Не смотря на несколько отцовских удачных авантюр, в которых он облапошил достаточно людей, мы с братом в основном жили впроголодь, почти в полной нищете. Воду, в которой варили макароны или картошку, «сливуху», назавтра использовали для приготовления похлебки. Шедевром материнской кулинарии была похлебка из заготовленного студентами много лет назад соленого укропа, трехлитровые банки с которым кочевали по стране вместе с нами, и красного молотого перца, мешок которого отец украл у индийских студентов. Если удавалось накрошить в это варево какой-нибудь заправки вроде корней и листьев лопуха, щавеля, подорожника, пастушьей сумки или крапивы, то день считался весьма удачным. Если же случалось добыть кость, то ее много раз варили до размягчения, потом сушили и мололи на костную муку, которую подсыпали в похлебку для навара. «Затируху вы не ели, как после войны, вот носы и воротите. Отличный кондер, наваристый, зато тюремная баланда потом вкусной покажется» – приговаривала мать. Одно время она даже хотела наши ногти варить для навара, но отец сказал, что это перебор, что из ногтей выгоднее варить клей. Так они и порешили: отец растворял состриженные у всей семьи ногти в ацетоне и клеил получившимся клеем.

С одеждой нам с братом было не легче – одевались в затрапезные обноски и едва ли не рубище. Мать даже стригла всех нас, включая себя, сама, из экономии. Выходило неровно, зато без затрат. «Без каких-нибудь особенных затрат нас стрижет Валюха девять лет подряд» – пел по этому поводу отец. Лечились тоже по преимуществу сами, за исключением случаев, когда отцу для каких-то махинаций было необходимо попасть в больницу. Тогда он мог и ногу кому-нибудь из нас поломать, «ради общего семейного блага». «Нечего ходить к эскулапам, – говорил отец, – они только норовят взять на лапу. Учтите: в здоровом теле – здоровый дух, а в вас, балбесы, он один на двух. И тот мой, ха-ха-ха.»

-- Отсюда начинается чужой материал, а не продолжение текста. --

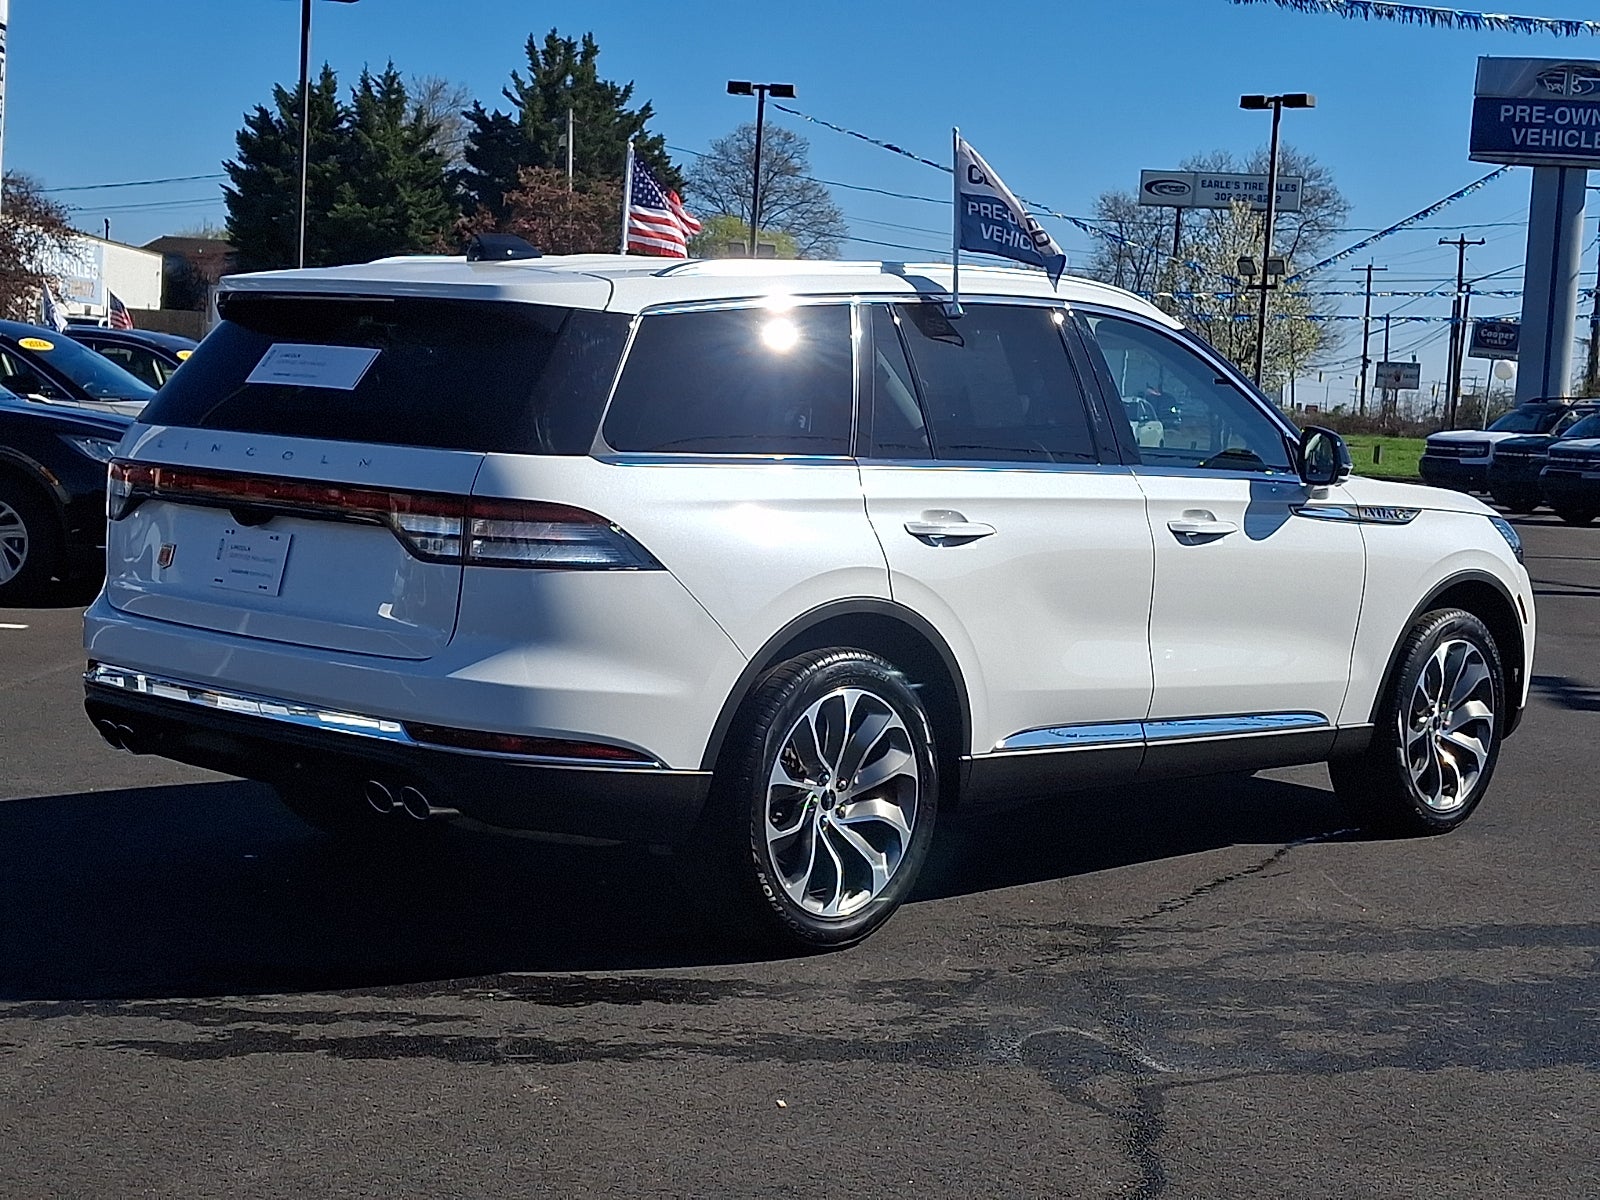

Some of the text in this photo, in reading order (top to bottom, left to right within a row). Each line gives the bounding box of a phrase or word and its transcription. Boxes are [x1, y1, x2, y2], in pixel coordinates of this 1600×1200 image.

[1201, 179, 1297, 192] EARLE'S TIRE ALES
[1480, 329, 1515, 342] Cooper
[157, 439, 372, 467] LINCOLN

Отец, старый скряга, при виде которого устыдился бы и сам Плюшкин, весьма убедительно и многословно обосновывал это скопидомство теоретически, доказывая, что имеется давно выявленная учеными связь между плохим и скудным питанием в детстве и развитием преступных наклонностей в более зрелом возрасте. А уж наши с Пашкой преступные наклонности он холил и лелеял, готовя себе достойную смену, способную обеспечить ему сытую и безбедную старость. «Жизнь трудна, дети мои, и к ее трудностям я готовлю вас заранее» – говорил он. – «Лучше быть всю жизнь слепым, глухим и хромым, чем ленивым, изнеженным и развращенным. Вы не какие-то мальчики-мажоры, что тюрю или лындики ни разу не ели, щей из лебеды и пастушьей сумки не хлебали, последний хрен без соли не доедали. Мажоры, что в рубашках родились, что на папиных „волгах“ по улицам чешут, кому все на блюдечке с голубой каемочкой от рождения досталось. Вы не с золотой ложкой во рту родились, вам даже мельхиоровой ложки не досталось, несчастные дети мои, малютки из трущоб, генералы меловых и угольных карьеров и каменных джунглей. Вы из разбойниче-воровской семьи, вам просто так никто и ничего, кроме срока или пули-дуры в лоб али промеж глаз, не даст! Учитесь воровать, знание высоты Эвереста или настоящей фамилии Марка Твена где вам в жизни пригодятся? Да нигде! А умение воровать всегда прокормит. Вот будете вы хорошо учиться, и что? Вот, допустим, даже космонавтами станете. А толку? Сколько там космонавту платят? И украсть нечего, потому что кому ты там в космосе краденое толкнешь? Марсианам? Так им это старье без надобности, у них инженер Лось уже давно Аэлите революцию сделал и коммунизм построил.»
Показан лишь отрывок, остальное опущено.